Большой ум должен ослеплять, а не тускло поблескивать в ночи, как бутылочное горлышко в свете луны. Так думала моя мать. И в их любовном треугольнике – он, она и ее амбиции – он оказался третьим лишним.
Красавица и калькулятор.
И каждый вечер, стоя на балконе, завернувшись в плед, докуривая сигарету, бросая бычок в темноту, она говорила себе: «Сама виновата».
* * *
Мое рождение немного изменило схему их отношений. Мать перестала злиться на отца – и раздражение сменилось равнодушием. Женой гения она так и не стала и теперь хотела быть матерью гения. Амбиции ее всегда опережали время – и логику. Уже в четыре года меня отдали в музыкальную школу – по классу фортепиано.
«Ты будешь новым Шопеном», – шептала она, укладывая меня спать.

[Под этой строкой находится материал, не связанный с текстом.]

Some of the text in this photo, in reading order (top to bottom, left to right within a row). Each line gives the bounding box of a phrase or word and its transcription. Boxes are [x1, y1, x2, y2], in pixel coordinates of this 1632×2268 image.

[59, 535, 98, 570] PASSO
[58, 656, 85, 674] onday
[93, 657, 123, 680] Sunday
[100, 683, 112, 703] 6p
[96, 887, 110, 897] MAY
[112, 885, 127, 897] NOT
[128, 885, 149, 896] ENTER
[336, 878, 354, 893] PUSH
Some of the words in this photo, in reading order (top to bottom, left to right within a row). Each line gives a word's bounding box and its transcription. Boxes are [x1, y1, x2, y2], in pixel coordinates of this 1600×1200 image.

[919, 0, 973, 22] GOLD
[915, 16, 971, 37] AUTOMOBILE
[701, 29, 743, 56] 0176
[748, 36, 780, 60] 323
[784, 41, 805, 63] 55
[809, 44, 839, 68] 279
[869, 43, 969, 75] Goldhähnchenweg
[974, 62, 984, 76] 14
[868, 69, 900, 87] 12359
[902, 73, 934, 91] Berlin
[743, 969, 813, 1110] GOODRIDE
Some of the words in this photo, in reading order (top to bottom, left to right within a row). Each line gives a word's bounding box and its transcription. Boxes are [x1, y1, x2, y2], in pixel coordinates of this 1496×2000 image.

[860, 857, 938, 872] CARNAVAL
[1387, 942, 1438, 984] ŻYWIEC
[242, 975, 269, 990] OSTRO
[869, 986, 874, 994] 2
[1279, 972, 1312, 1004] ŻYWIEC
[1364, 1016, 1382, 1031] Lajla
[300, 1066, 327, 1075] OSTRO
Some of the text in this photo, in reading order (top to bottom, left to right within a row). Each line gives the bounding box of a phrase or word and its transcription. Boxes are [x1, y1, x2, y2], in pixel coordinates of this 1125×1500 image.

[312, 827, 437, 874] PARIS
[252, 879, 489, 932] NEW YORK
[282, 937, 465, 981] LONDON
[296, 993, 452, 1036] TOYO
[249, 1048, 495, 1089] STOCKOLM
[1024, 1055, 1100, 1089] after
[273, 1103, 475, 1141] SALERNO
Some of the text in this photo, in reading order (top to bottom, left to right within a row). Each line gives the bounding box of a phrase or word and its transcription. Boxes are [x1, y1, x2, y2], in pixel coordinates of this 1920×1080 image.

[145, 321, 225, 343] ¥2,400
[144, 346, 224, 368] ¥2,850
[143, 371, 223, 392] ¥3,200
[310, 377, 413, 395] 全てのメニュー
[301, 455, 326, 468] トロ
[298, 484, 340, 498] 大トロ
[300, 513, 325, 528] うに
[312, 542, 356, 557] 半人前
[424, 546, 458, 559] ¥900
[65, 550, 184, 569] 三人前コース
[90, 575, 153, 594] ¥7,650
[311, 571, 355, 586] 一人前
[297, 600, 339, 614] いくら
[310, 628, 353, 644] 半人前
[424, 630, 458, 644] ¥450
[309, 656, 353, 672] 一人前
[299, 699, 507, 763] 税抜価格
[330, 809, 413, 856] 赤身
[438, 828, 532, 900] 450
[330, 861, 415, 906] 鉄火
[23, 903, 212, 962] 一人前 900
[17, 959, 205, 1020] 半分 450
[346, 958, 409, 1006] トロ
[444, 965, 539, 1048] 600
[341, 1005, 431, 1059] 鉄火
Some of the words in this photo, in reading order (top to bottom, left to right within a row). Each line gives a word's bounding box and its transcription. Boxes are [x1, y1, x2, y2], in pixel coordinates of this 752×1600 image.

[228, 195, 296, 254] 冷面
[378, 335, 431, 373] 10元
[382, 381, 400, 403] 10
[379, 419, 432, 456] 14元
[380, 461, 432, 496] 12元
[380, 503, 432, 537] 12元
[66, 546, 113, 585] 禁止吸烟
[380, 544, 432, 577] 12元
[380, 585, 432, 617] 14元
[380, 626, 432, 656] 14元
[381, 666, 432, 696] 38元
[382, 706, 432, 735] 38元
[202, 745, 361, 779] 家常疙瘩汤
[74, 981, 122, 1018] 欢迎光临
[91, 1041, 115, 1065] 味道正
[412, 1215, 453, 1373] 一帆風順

Но через два года клавишных пыток выяснилось, что особых музыкальных данных у меня нет – и все, на что я способен, это читать партитуры, запоминать последовательность нот, но не играть их.
Тогда мама отвела меня в секцию плавания. «Ты будешь олимпийским чемпионом». На третий день я чуть не утонул в бассейне.
К десяти годам я числился во всех возможных школах, кружках и секциях – включая кружок оригами и школу дрессировщиков перуанских альпак при цирковом училище[1]. И везде я был не к месту – как римский сестерций в горсти советских рублей.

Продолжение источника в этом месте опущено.